A variance permits an owner to develop or use his property in a manner prohibited by the zoning regulations. For that reason, the power of a town (through its Zoning Board of Appeals) to grant a variance is to be exercised sparingly and only under exceptional circumstances.
Technically, a variance is only to be granted if the owner demonstrates a “hardship” that warrants the granting of relief from the strict or literal application of the regulations. The hardship must constitute something unique or peculiar about the property that prevents the property from complying with the regulations.
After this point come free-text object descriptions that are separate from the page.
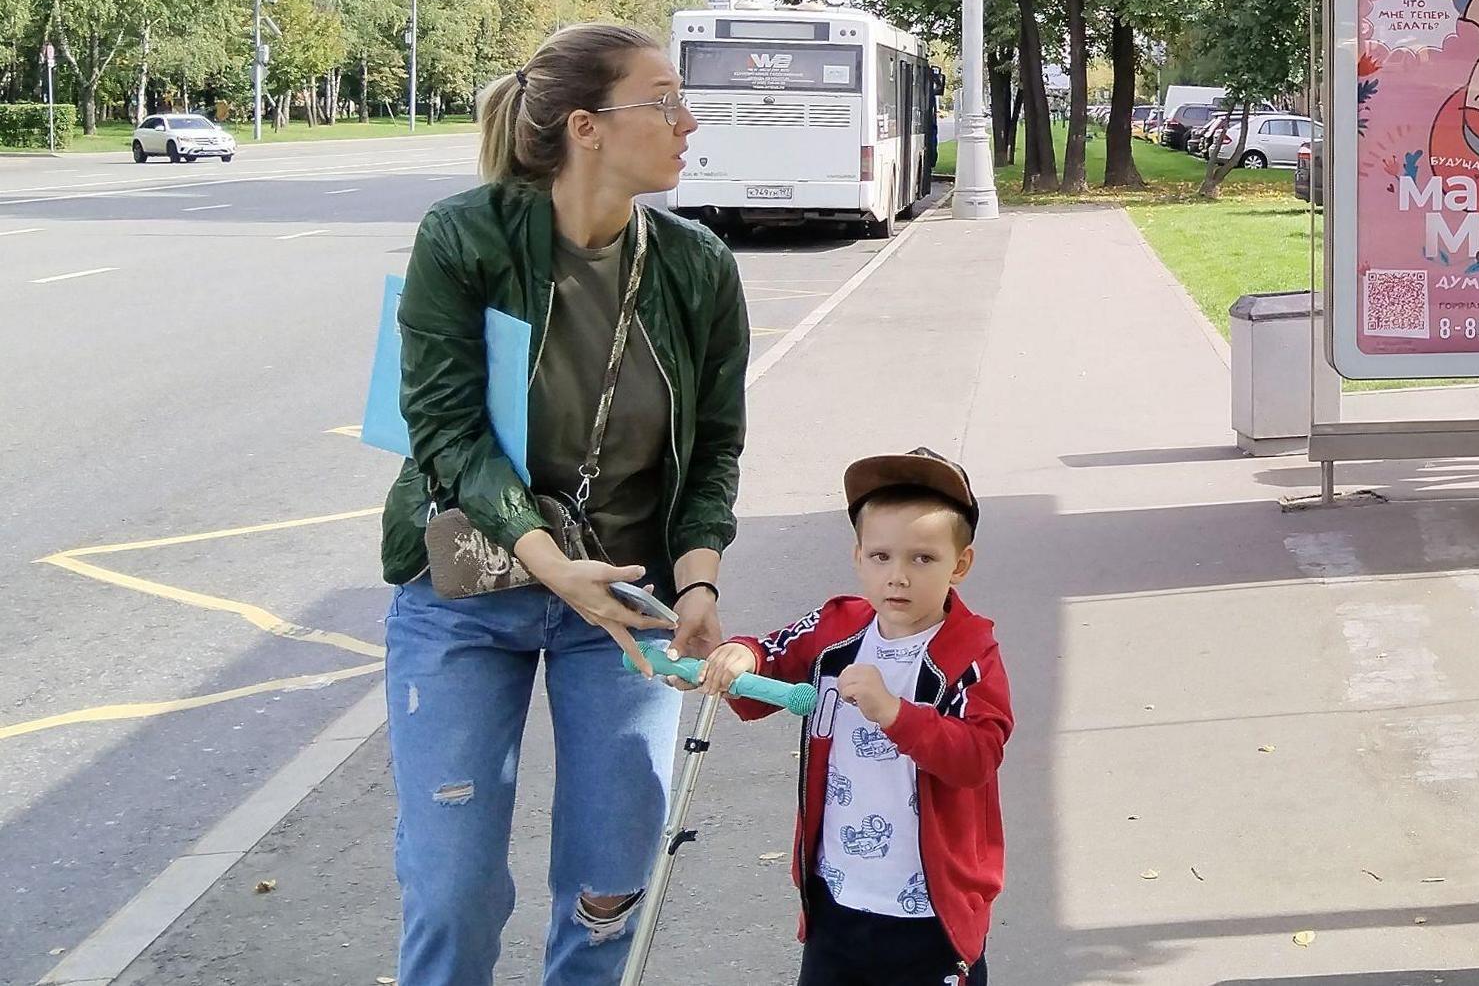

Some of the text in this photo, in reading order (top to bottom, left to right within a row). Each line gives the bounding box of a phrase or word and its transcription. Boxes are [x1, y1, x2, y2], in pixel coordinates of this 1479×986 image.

[1403, 0, 1425, 8] ЧТО
[1379, 10, 1450, 20] МНЕ ТЕПЕРЬ
[1388, 21, 1440, 31] ДЕЛАТЬ?
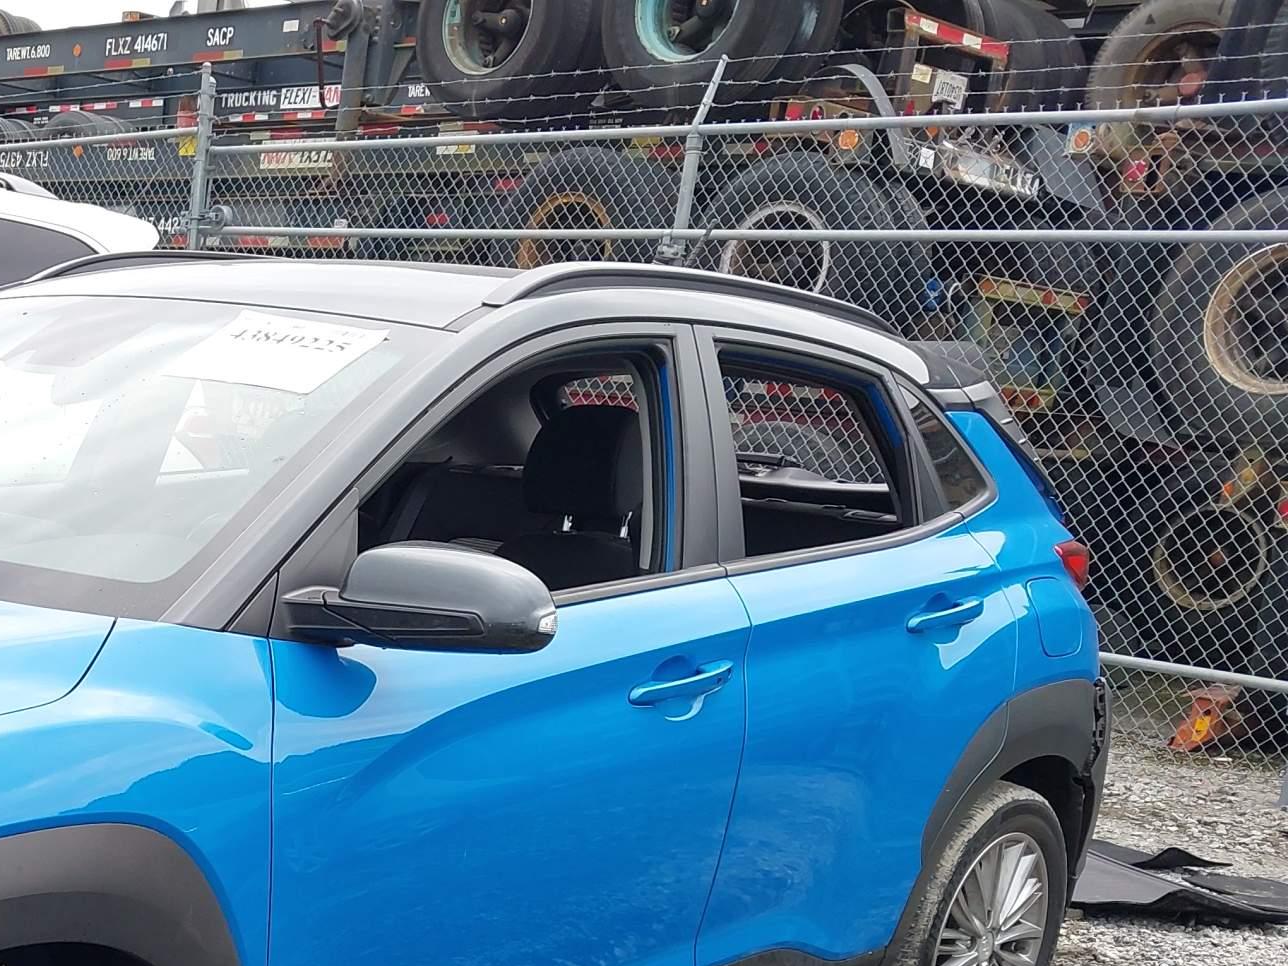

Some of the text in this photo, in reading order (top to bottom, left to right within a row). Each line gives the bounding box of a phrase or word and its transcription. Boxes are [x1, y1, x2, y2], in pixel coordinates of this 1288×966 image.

[105, 33, 168, 56] FLXZ 414671
[206, 27, 234, 47] SACP
[221, 91, 277, 108] TRUCKING
This unique characteristic must then be coupled with a showing that the property cannot reasonably be used or developed for another permitted use under the zoning regulations or that the property has little or no economic value if the variance is denied.
The law does not authorize the granting of variances just because the owner has a personal desire to expand their dwelling, perhaps to create a more comfortable or modernized space, or for convenience, or even because it would improve the appearance of a building. The law explicitly provides that variances are not to be granted when a reasonable use of the property is already present or is plainly possible under the regulations, but the owner prefers otherwise. Furthermore, there is no “de minimis” exception to the hardship requirement. For example, a ZBA cannot grant a variance simply because it’s a very minor deviation from the regulations, such as a minimal encroachment into a required setback.
Variances are not “tools of convenience.” There is a very high threshold to pass in order to be entitled to a variance. In addition, any variance requires a public hearing to be held by the Zoning Board of Appeals. This can be a complicated process to navigate on one’s own. In most cases, it is advisable to consult with an attorney to assist with the specific procedural and legal aspects of applying for a variance.